- **Directions**
The response must consist of the lines from the one holding "this 1920×1080 image." through the final line of the entries, given again exactly and without any pictures.

- **Input material**
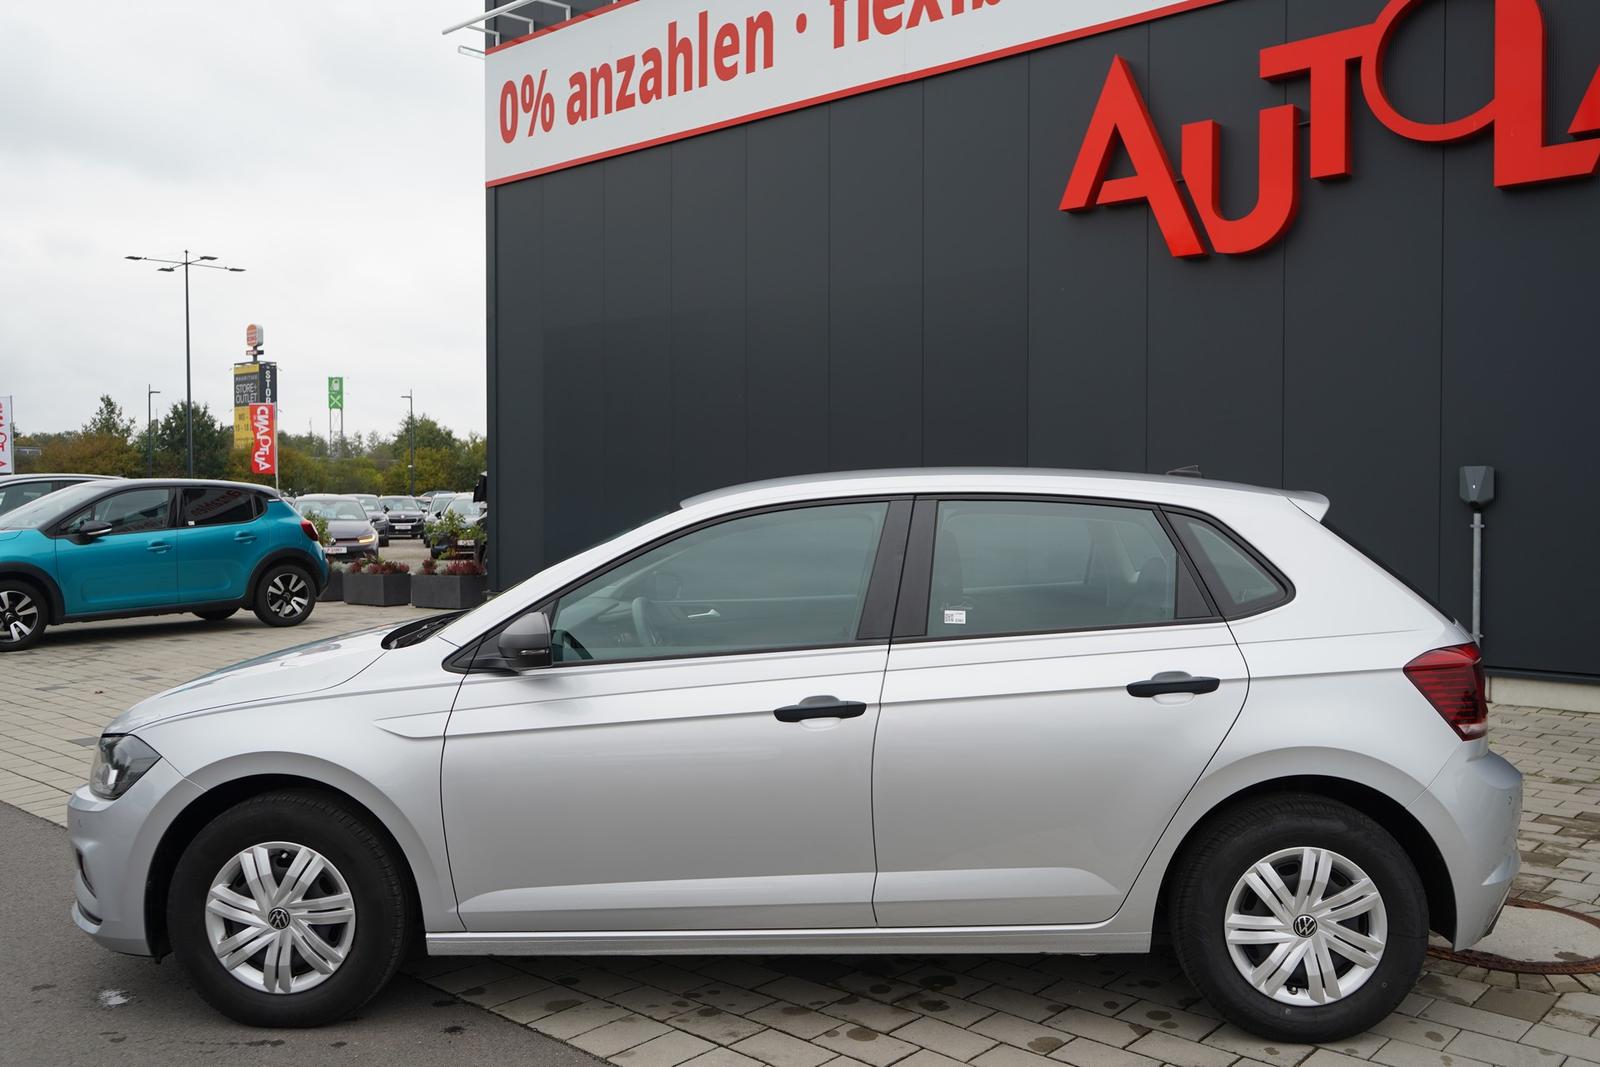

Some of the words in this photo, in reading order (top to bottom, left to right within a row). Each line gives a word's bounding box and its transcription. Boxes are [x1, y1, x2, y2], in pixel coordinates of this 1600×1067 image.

[499, 68, 556, 144] 0%
[565, 9, 775, 126] anzahlen
[235, 393, 257, 404] OUTLET
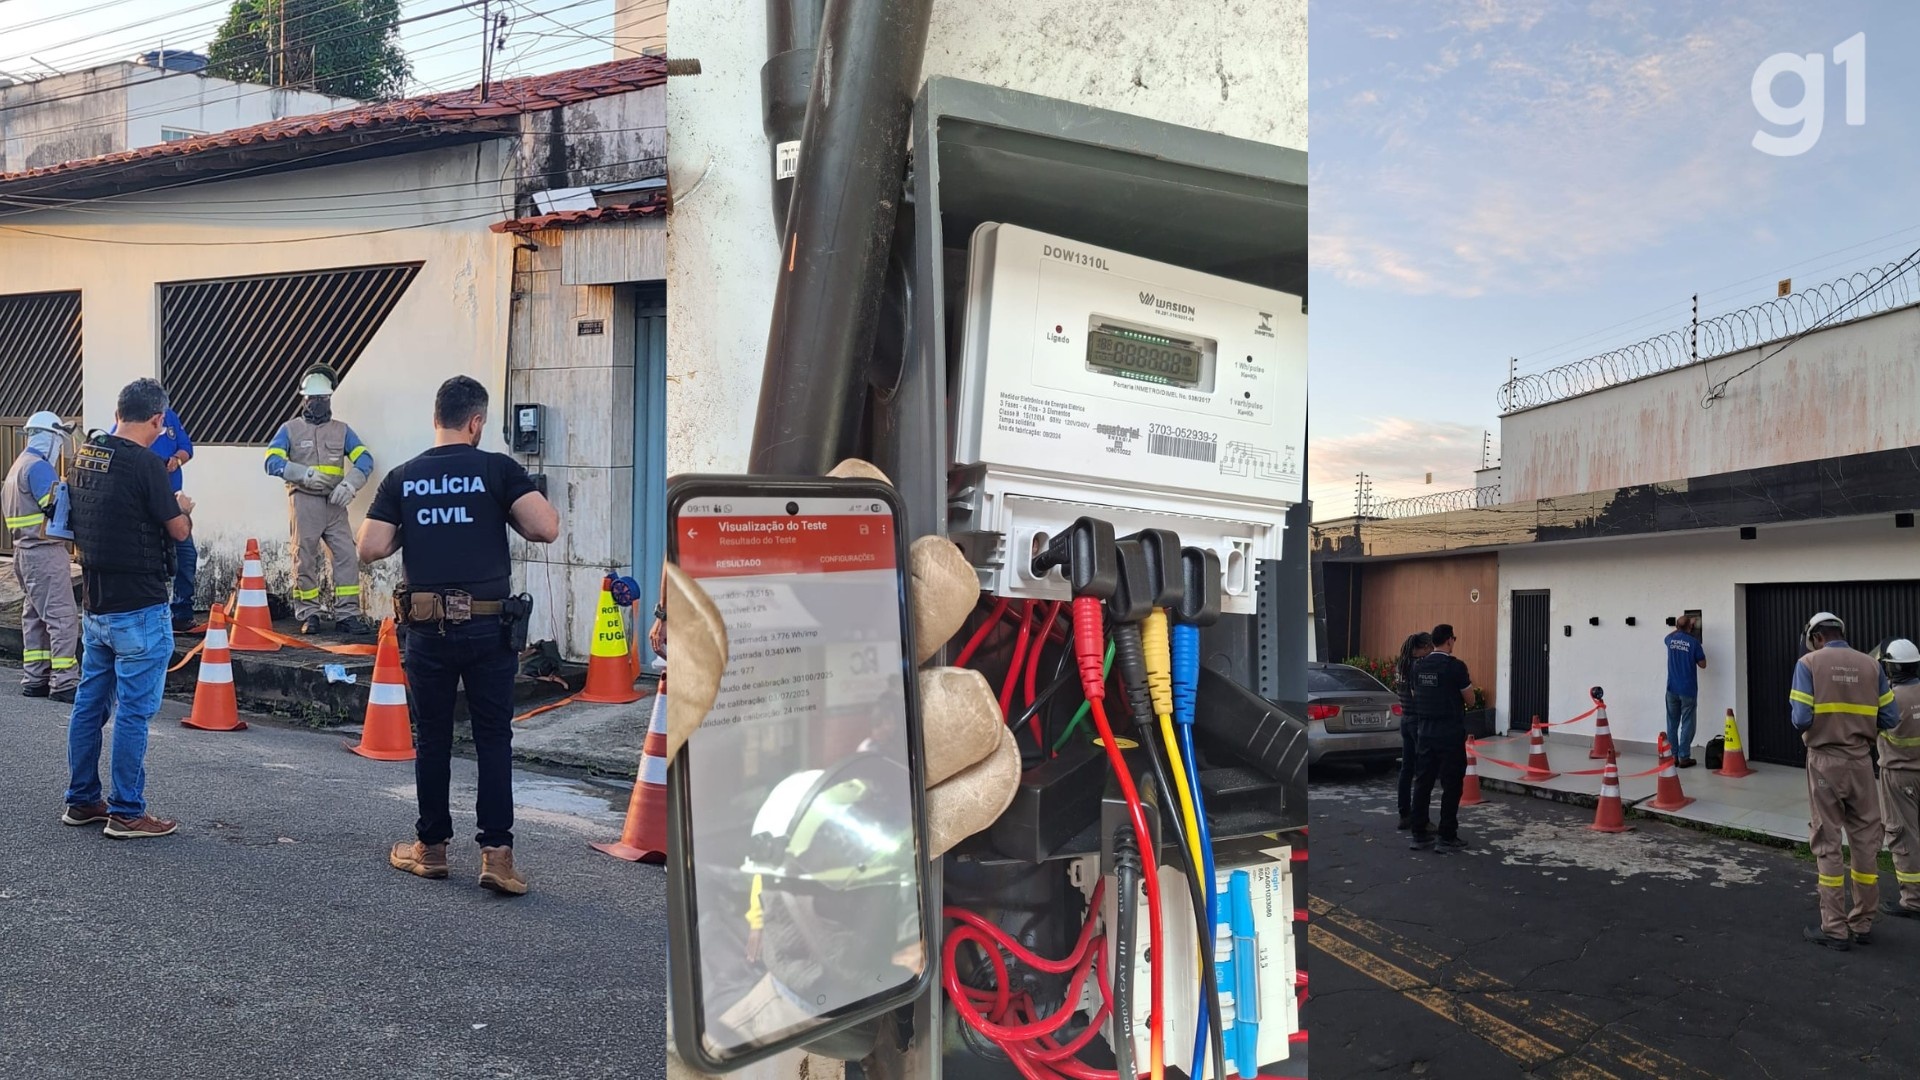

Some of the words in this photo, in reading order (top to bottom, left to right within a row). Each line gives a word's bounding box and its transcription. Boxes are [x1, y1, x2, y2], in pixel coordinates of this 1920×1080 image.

[1043, 244, 1110, 271] DOW1310L
[1155, 298, 1196, 316] WASION
[1046, 332, 1070, 344] Ligado
[1113, 380, 1134, 391] Portaria
[1000, 391, 1020, 401] Medidor
[1050, 400, 1068, 410] Energia
[999, 408, 1016, 417] Classe
[1005, 401, 1019, 409] Fases
[1047, 407, 1071, 418] Elementos
[998, 415, 1015, 425] Tampa
[998, 423, 1008, 431] Ano
[1148, 422, 1218, 443] 3703-052939-2
[403, 473, 486, 498] POLÍCIA
[687, 505, 710, 513] 09:11
[417, 506, 474, 525] CIVIL
[718, 521, 785, 534] Visualização
[786, 520, 799, 531] do
[801, 520, 828, 531] Teste
[719, 537, 761, 546] Resultado
[762, 536, 773, 545] do
[775, 535, 797, 544] Teste
[716, 558, 761, 569] RESULTADO
[820, 553, 875, 564] CONFIGURAÇÕES
[1670, 639, 1690, 647] PERÍCIA
[1670, 644, 1690, 652] OFICIAL
[727, 650, 763, 662] egistrada:
[785, 645, 802, 654] kWh
[740, 666, 755, 675] 977
[741, 682, 752, 691] de
[752, 677, 790, 690] calibração:
[716, 702, 726, 710] de
[727, 696, 767, 709] calibração:
[783, 705, 793, 715] 24
[793, 704, 817, 713] meses
[1271, 868, 1279, 891] elgin
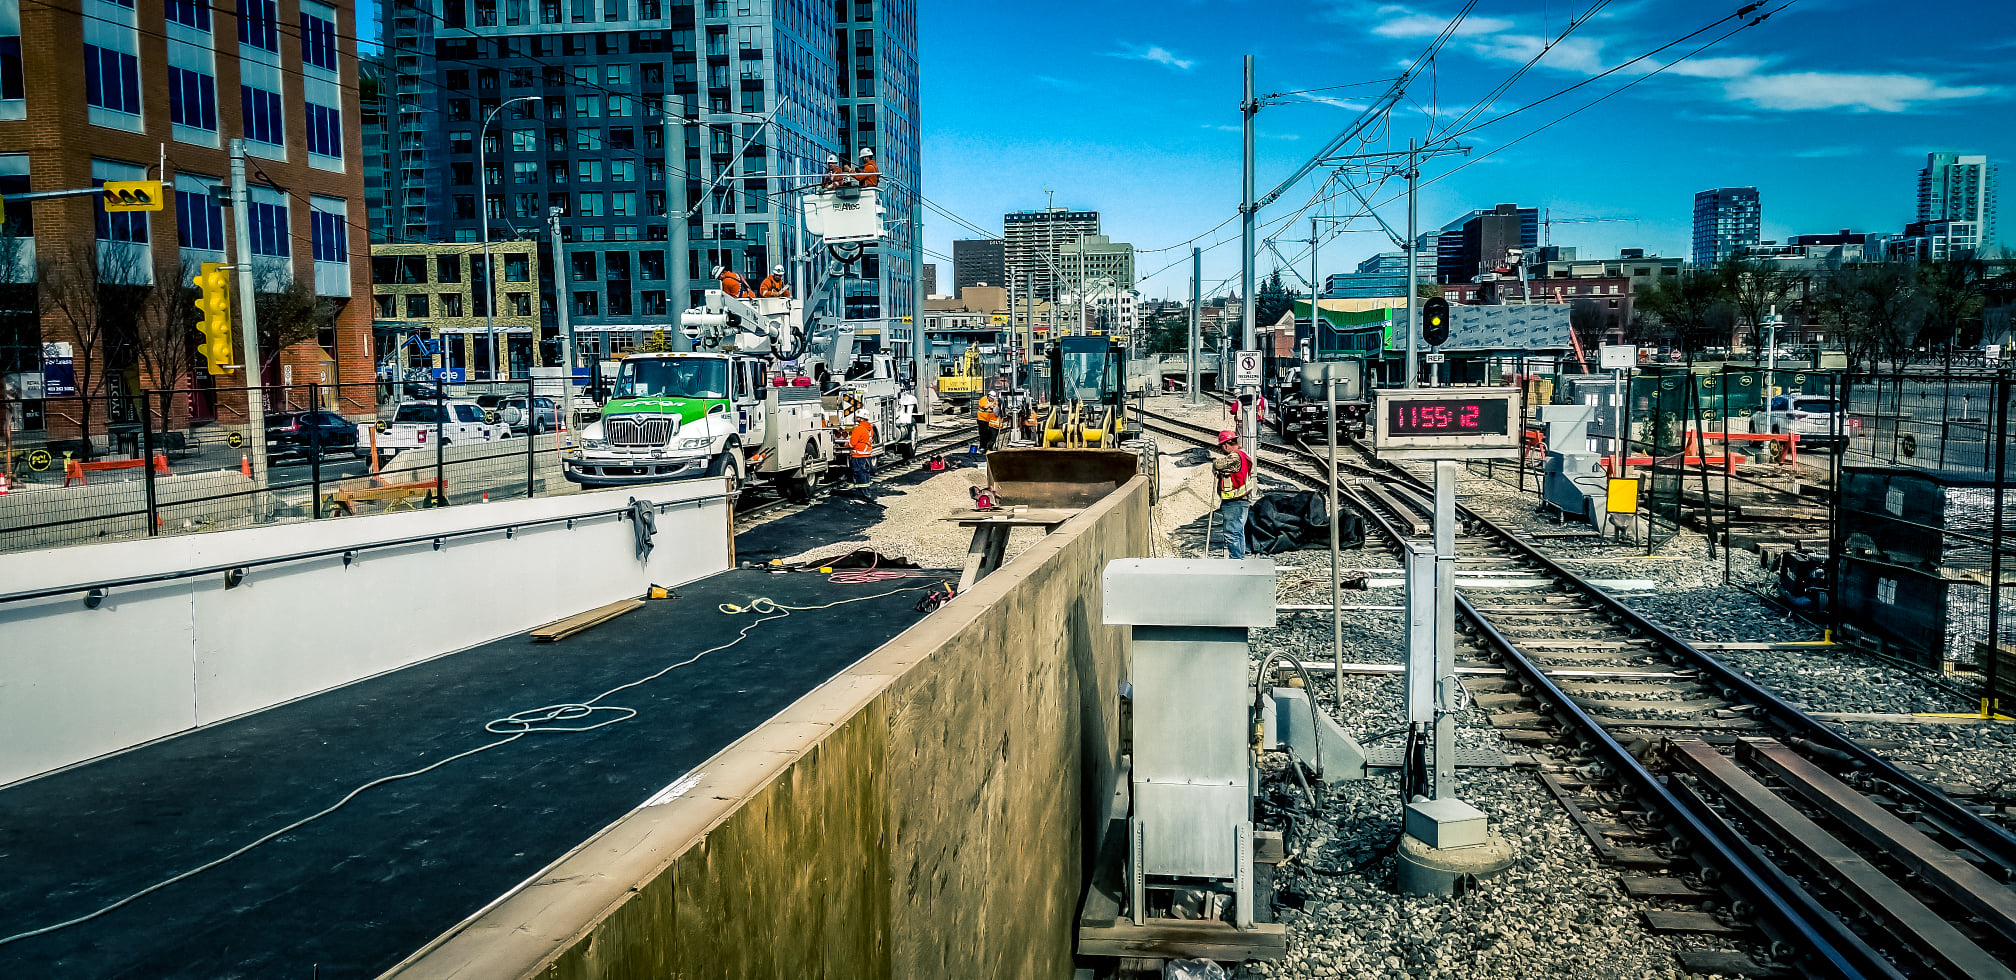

- **Exercise answer**
Some of the words in this photo, in reading order (top to bottom, left to right within a row). Each line gives a word's bounding box and its transcription. Boxes are [x1, y1, x2, y2], in pixel coordinates of this 1920×1080 image.

[1043, 244, 1110, 271] DOW1310L
[1155, 298, 1196, 316] WASION
[1046, 332, 1070, 344] Ligado
[1113, 380, 1134, 391] Portaria
[1000, 391, 1020, 401] Medidor
[1050, 400, 1068, 410] Energia
[999, 408, 1016, 417] Classe
[1005, 401, 1019, 409] Fases
[1047, 407, 1071, 418] Elementos
[998, 415, 1015, 425] Tampa
[998, 423, 1008, 431] Ano
[1148, 422, 1218, 443] 3703-052939-2
[403, 473, 486, 498] POLÍCIA
[687, 505, 710, 513] 09:11
[417, 506, 474, 525] CIVIL
[718, 521, 785, 534] Visualização
[786, 520, 799, 531] do
[801, 520, 828, 531] Teste
[719, 537, 761, 546] Resultado
[762, 536, 773, 545] do
[775, 535, 797, 544] Teste
[716, 558, 761, 569] RESULTADO
[820, 553, 875, 564] CONFIGURAÇÕES
[1670, 639, 1690, 647] PERÍCIA
[1670, 644, 1690, 652] OFICIAL
[727, 650, 763, 662] egistrada:
[785, 645, 802, 654] kWh
[740, 666, 755, 675] 977
[741, 682, 752, 691] de
[752, 677, 790, 690] calibração:
[716, 702, 726, 710] de
[727, 696, 767, 709] calibração:
[783, 705, 793, 715] 24
[793, 704, 817, 713] meses
[1271, 868, 1279, 891] elgin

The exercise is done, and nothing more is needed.